Prima di procedere
Prima di verificare la configurazione della rete privata, devi averla configurata nel sistema operativo dei Cloud Server seguendo la procedura relativa al sistema operativo utilizzato:
Come verificare la configurazione della rete privata
Dopo aver configurato la rete privata nei sistemi operativi dei Cloud Server, verifica che le macchine comunichino correttamente tramite i rispettivi indirizzi IP privati.
Per esempio, puoi avere due Cloud Server collegati allo stesso Virtual Switch e configurati come indicato:
| |
Cloud Server 1 |
Cloud Server 2 |
| IP - Virtual Switch |
192.168.0.1 |
192.168.0.2 |
| Netmask - Virtual Switch |
255.255.255.0 |
255.255.255.0 |
| IP address - sistema operativo |
192.168.0.11 |
192.168.0.12 |
| Netmask - sistema operativo |
255.255.255.0 |
255.255.255.0 |
Con questa configurazione, i due Cloud Server utilizzano indirizzi IP privati univoci appartenenti alla stessa rete
192.168.0.0/24.
Per verificare che i Cloud Server comunichino correttamente tramite la rete privata, esegui un ping verso l'indirizzo IP privato dell'altro Cloud Server.
Su Windows, apri il
Prompt dei comandi. Nell'esempio:
- dal Cloud Server 1 esegui:
ping 192.168.0.12
- dal Cloud Server 2 esegui:
ping 192.168.0.11
Su Linux, dal terminale:
- dal Cloud Server 1 esegui:
ping -c 4 192.168.0.12
- dal Cloud Server 2 esegui:
ping -c 4 192.168.0.11
Se il ping restituisce una risposta, la comunicazione tra i due Cloud Server tramite la rete privata è attiva.

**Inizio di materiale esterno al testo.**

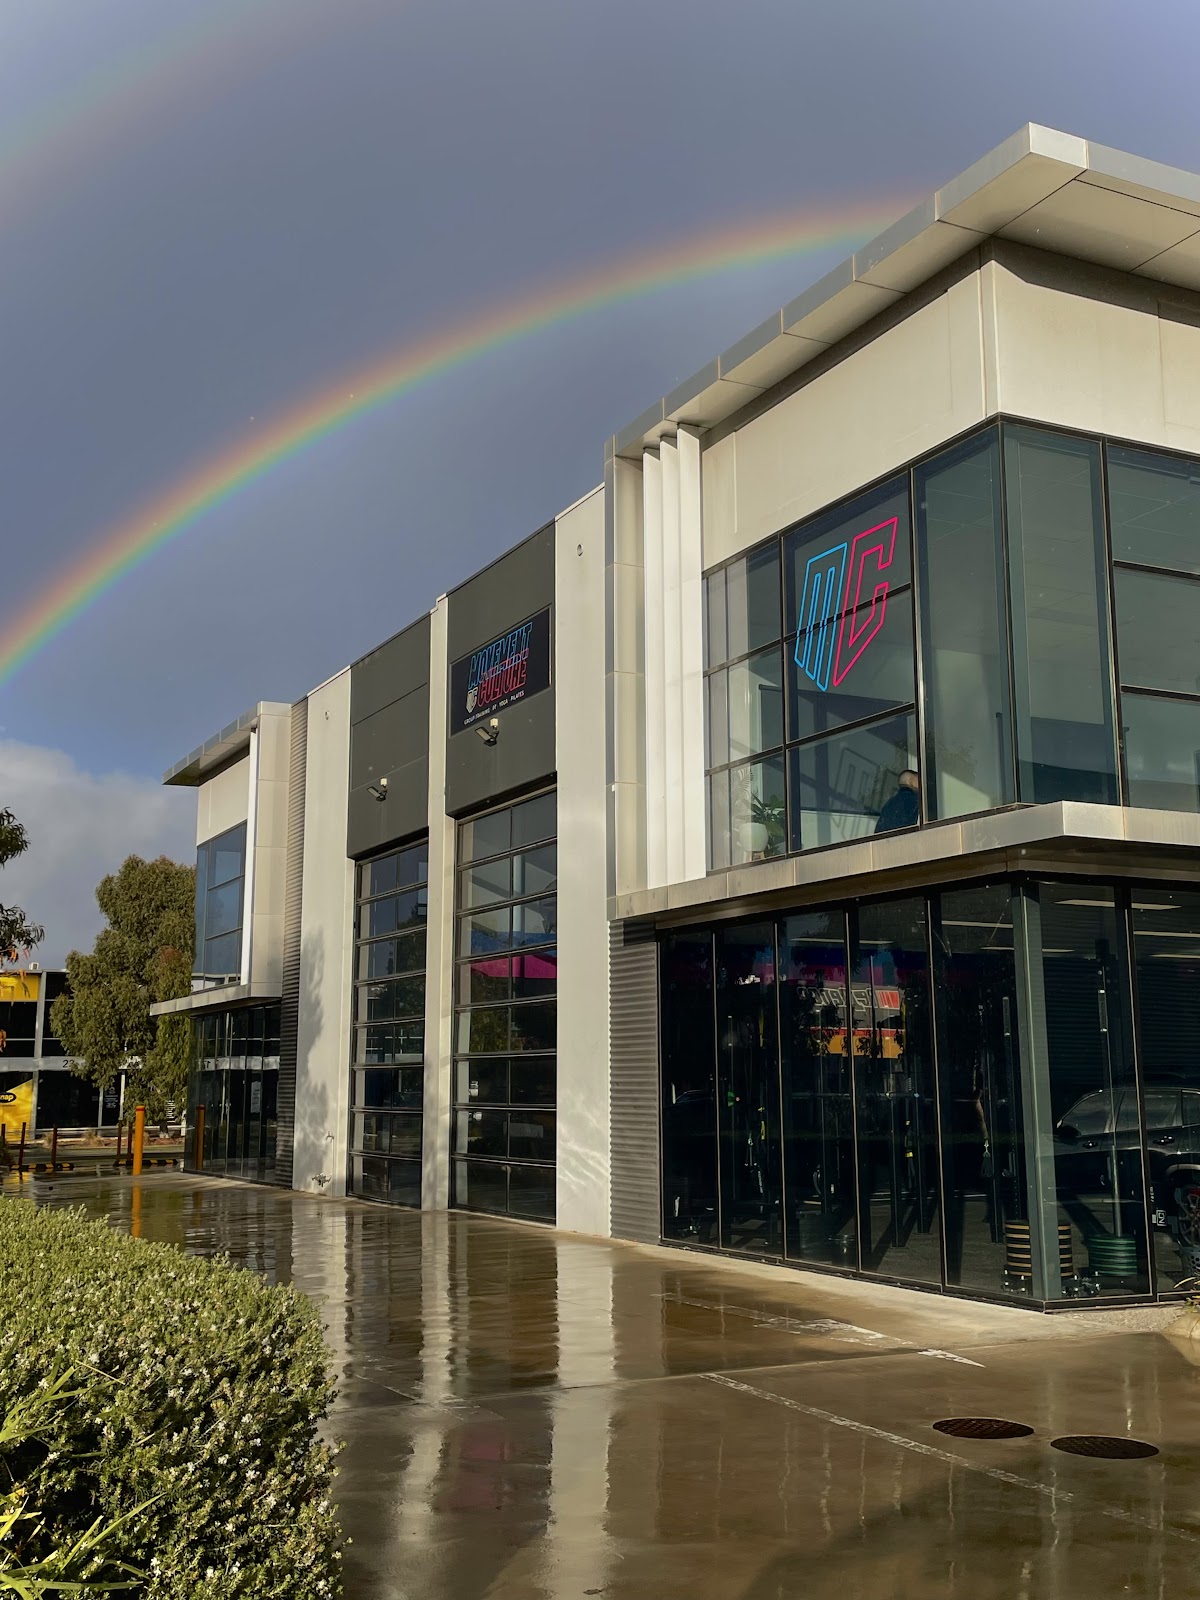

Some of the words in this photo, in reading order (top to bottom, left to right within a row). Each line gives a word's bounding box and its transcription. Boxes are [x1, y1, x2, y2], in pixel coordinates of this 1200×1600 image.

[468, 622, 532, 690] MOVEMENT
[477, 647, 529, 707] CULTURE
[0, 1094, 14, 1102] nap

Non assegnare lo stesso indirizzo IP privato a più Cloud Server: indirizzi IP duplicati generano un conflitto che impedisce la corretta comunicazione nella rete privata.
Cosa fare se i Cloud Server non comunicano nella rete privata
Se il ping non restituisce una risposta, verifica che:
- i Cloud Server siano accesi e non siano interessati da operazioni in corso, per esempio accensione, spegnimento, riavvio, aggiornamento o modifica della configurazione;
- i Cloud Server siano collegati allo stesso Virtual Switch;
- le interfacce di rete corrette siano collegate al Virtual Switch;
- gli indirizzi IP privati configurati nelle interfacce di rete siano univoci e appartengano alla stessa rete;
- le interfacce utilizzino la netmask prevista per la rete privata;
- il firewall del sistema operativo non blocchi il traffico ICMP utilizzato dal comando ping.
L'assenza di risposta al ping non indica necessariamente un problema del Virtual Switch: il traffico ICMP può essere bloccato dal firewall del sistema operativo anche quando la rete privata è configurata correttamente.